民間のインターネット調査では、「ウイルスの感染症に関心があるか」との質問に4月の時点で80%以上が「関心がある」と答えています。肝心な生活習慣病への関心についてはまだ研究されていません。ただ、感染した場合、高血圧や糖尿病等生活習慣病がある人の方が重症化しやすいとの報告があります。意識変化と行動変容に期待したいところです。「新たな生活様式」では、オンラインでの健康指導が生活習慣病への意識をどのように変えていくのかにも興味を持っています。
「新たな生活様式」にあたり、健康都市を視点とした健康・医療政策の基本的考え方についてお聞かせください。
特に重要な項目を9つ挙げたいと思います。
- 医療の確保が最重要。地域医療の崩壊を防ぐこと。
- 都市の単位では保健医療だけでなく多分野と連携すること。
- 行政のレベルを超えて民間や市民とも連携すること。これには信頼関係が欠かせない
- どのような環境だとリスクが高いのか、市民と情報共有すること。
- 高齢者や一人親世帯、失業者といった社会的に弱い立場のひとを公平に保護すること。
- 文化や風習、宗教等が異なる住民にも公平に配慮すること。
- 偏見を無くすために毅然とした姿勢で臨むこと。制度や情報が身近にあることが大切。
- 保健医療にくわえ、教育や福祉等必要不可欠なサービスを継続的に提供すること。
- 「うつ病」対策等、メンタルヘルス(心の健康)に取組むこと。
新型コロナの影響で活動が困難になる業種が地域単位で出ると思います。サービス形態を変化させねばならず、その間のさまざまな支援が求められます。経済支援や情報提供とともにデジタル技術を本格化させる対策が有効です。
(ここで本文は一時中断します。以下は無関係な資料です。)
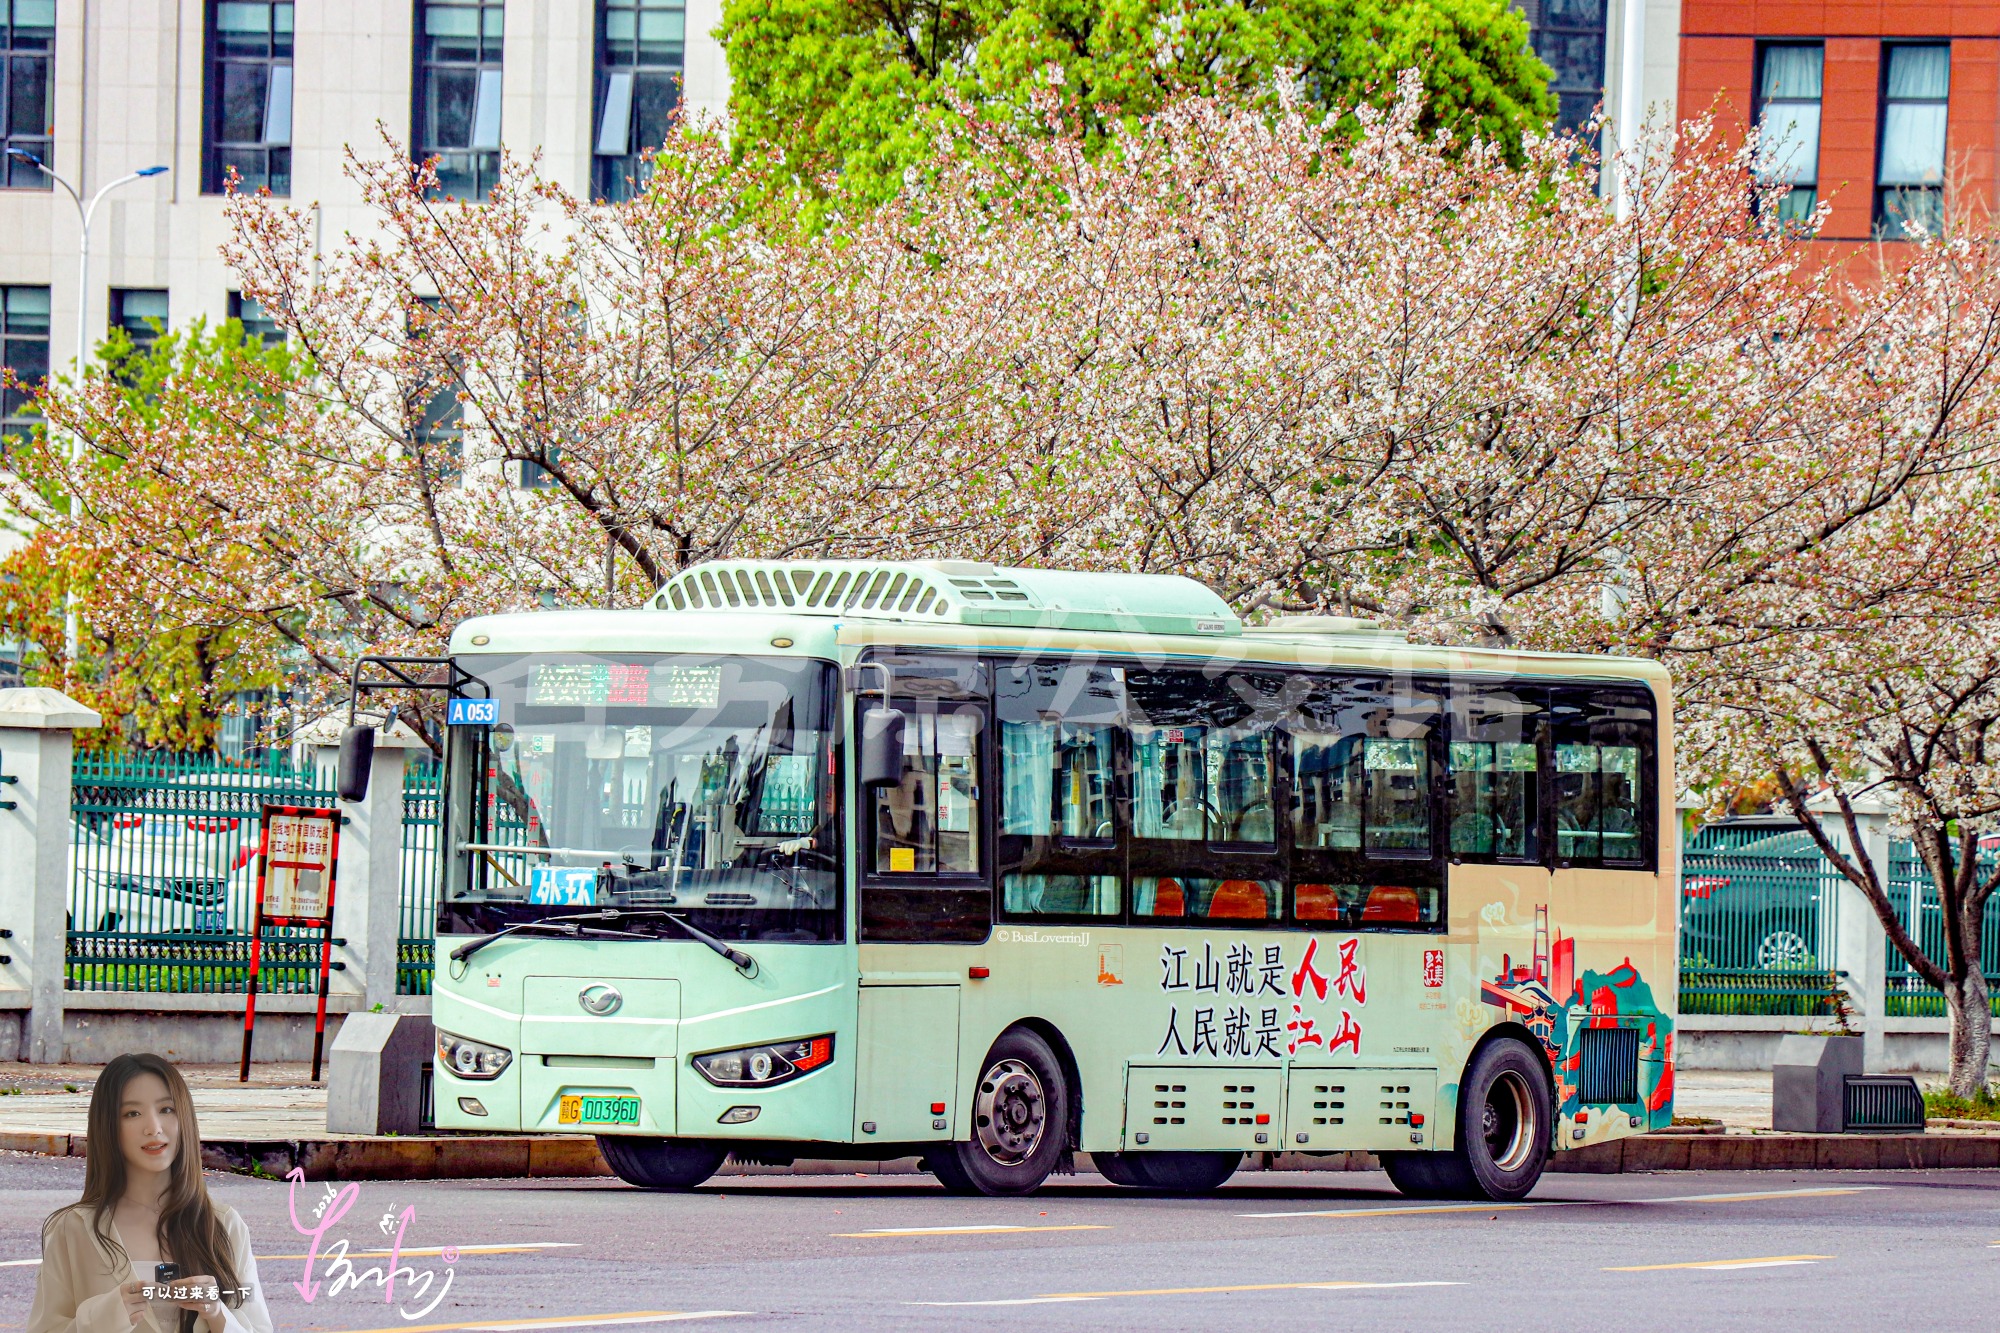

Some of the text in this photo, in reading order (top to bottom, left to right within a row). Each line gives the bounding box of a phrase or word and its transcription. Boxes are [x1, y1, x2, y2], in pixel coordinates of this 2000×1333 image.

[453, 703, 494, 721] A 053
[536, 870, 591, 906] 外环
[1161, 936, 1367, 1004] 江山就是人民
[1157, 1004, 1363, 1058] 人民就是江山
ポストコロナにおいて、健康都市はどのようにレジリエンスを高めるべきでしょうか?
第一が先に述べたプラネタリーヘルスで、第二がBCP(事業継続計画)です。自然災害や感染症が発生しても、事業への影響を最小限に抑えるための方針、体制、手順を示した計画を作るべきです。ただし、新型コロナのBCP作成を医療従事者任せにしてはいけません。行政が部署横断型の体制を組み、民間や市民とも連携して作る必要があります。このことは健康都市の基本であり、今こそ真価が問われているのです。
※プラネタリーヘルス
人類の繁栄を限界づける地球環境に対して多大な影響を及ぼしている人間の政治経済、社会システムに対して真摯に向き合い、文明化された人の健康と地球環境の密接な状態の関係に注目することを通して、健康、福祉の増進と公平な社会を目指すこと。
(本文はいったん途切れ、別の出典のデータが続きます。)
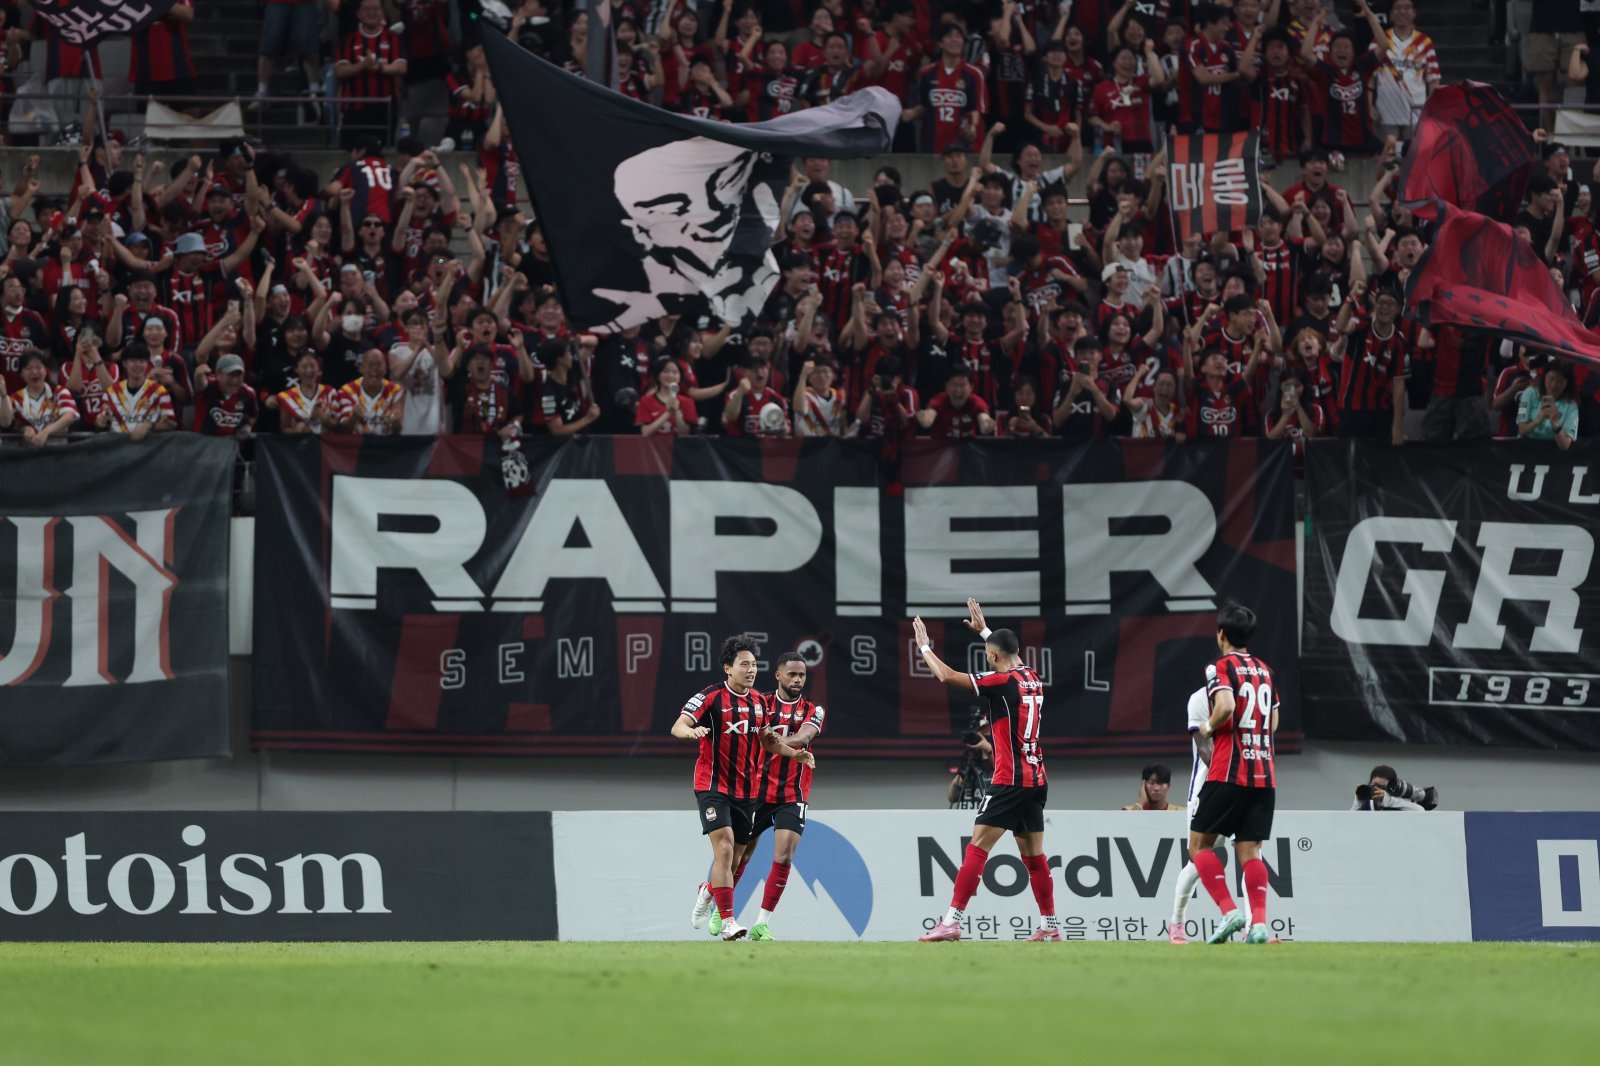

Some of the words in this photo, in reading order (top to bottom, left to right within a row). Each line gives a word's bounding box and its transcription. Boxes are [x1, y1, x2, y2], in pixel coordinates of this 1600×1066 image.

[939, 106, 955, 122] 12
[360, 164, 394, 191] 10
[85, 397, 101, 414] 12
[330, 474, 1217, 617] RAPIER
[1330, 516, 1595, 654] GR
[1238, 681, 1272, 730] 29
[1456, 673, 1591, 706] 1983
[1021, 695, 1044, 739] 77
[0, 825, 392, 916] otoism
[917, 836, 1294, 899] NodVN
[1096, 916, 1148, 941] 위한
(原文:Whitmee S, Haines A, Beyrer C, “Safeguarding human health in the Anthropocene epoch: report of The Rockefeller Foundation”, Nov.2015 訳:一般社団法人日本国際保健医療学会)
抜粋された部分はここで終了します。